J’ai reçu récemment d’Allemagne une lettre qui résume tout ceci. Elle est d’un jeune national-socialiste qui, ayant lu par hasard un de mes livres, entreprend de réfuter les critiques qui s’y trouvent formulées à l’endroit du régime hitlérien. Il explique tout d’abord que ce régime est né de la pauvreté et du malheur de son pays, — ce qui est très juste. Et il ajoute :
« Mais la pauvreté et le malheur ne peuvent expliquer que des phénomènes extérieurs. La raison profonde d’un mouvement comme le nôtre est irrationnelle. Nous voulions croire à quelque chose, nous voulions vivre pour quelque chose. Nous avons été reconnaissants à celui qui nous apportait cette possibilité de croire. Le christianisme, probablement par la faute de ses ministres, ne satisfaisait plus depuis bien longtemps au besoin de croire de la majorité du peuple.
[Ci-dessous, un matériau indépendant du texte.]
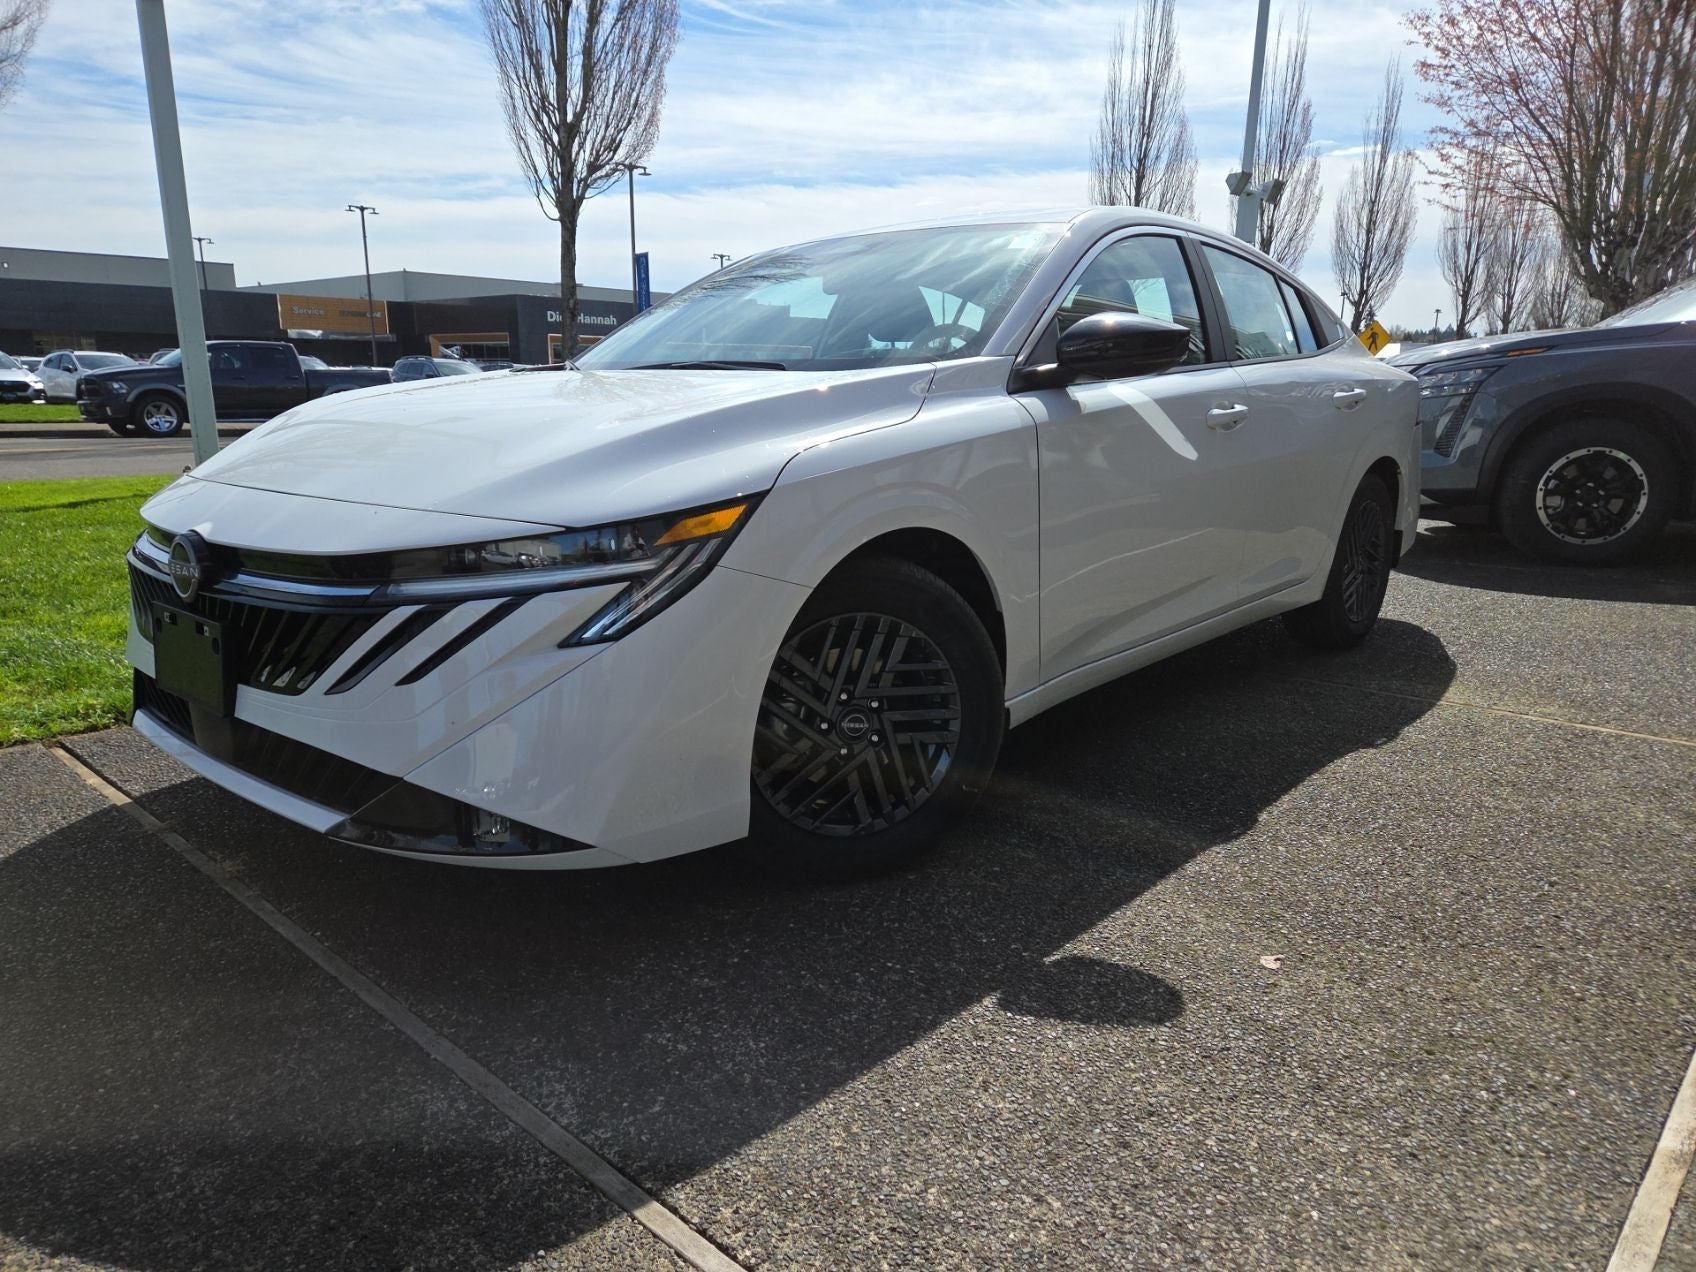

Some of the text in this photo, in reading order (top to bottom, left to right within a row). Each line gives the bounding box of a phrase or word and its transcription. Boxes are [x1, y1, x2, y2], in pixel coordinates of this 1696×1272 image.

[292, 305, 324, 315] Service
[547, 310, 617, 326] Di Hannah
Nous voulons croire à la mission du peuple allemand. Nous voulons croire à l’immortalité du peuple (un arbre dont nous ne sommes que les feuilles qui tombent à chaque génération) et peut-être réussirons-nous à y croire. »
Ruine des croyances communes, carence du christianisme organisé, appel irrationnel à de nouvelles raisons de vivre, volonté angoissée de croire à la première qui se présente — fût-elle aussi invraisemblable que « l’immortalité » d’un peuple : on ne peut pas exprimer d’une manière plus précise et ramassée la nature proprement religieuse du phénomène totalitaire allemand.
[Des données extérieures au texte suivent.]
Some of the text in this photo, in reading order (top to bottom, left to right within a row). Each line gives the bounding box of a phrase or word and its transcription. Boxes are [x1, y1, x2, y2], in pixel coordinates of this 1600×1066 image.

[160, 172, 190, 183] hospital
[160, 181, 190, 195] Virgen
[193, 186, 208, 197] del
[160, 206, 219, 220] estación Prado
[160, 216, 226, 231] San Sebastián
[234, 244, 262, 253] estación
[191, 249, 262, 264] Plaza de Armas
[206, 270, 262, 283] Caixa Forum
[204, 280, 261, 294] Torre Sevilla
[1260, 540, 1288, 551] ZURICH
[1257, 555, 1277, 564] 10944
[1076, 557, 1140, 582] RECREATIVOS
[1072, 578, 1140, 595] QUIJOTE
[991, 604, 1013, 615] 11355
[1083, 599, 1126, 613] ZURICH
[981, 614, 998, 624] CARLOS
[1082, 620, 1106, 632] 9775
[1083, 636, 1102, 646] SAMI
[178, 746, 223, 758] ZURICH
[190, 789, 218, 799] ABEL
Mesurons maintenant la naïveté des « réalistes » qui tiennent fréquemment ce propos : « Tout n’est pas mal de ce qui se fait là-bas. Il y a bien des choses à y prendre. » Certes, Hitler a rétabli l’ordre dans la rue. Il fait régner la paix sociale. Il y avait six millions de chômeurs en 1933, tandis qu’on manque de main-d’œuvre en 1938. La dignité de la nation est rétablie. L’autorité est restaurée. « Et nous voici sauvés du communisme. » C’est ainsi que beaucoup de braves gens croient trouver un terrain d’entente avec les dictatures qu’ils condamnent en principe. C’est ainsi qu’ils apportent leur petite contribution, [p. 343] toute bénévole, à l’effort de la propagande totalitaire dans nos pays. Ils le font sans malice, et au nom du bon sens. Ils me rappellent cette bonne vieille femme qui apportait pieusement son petit fagot au bûcher du supplice de Jean Huss : ce que voyant, le martyr prononça : O sancta simplicitas !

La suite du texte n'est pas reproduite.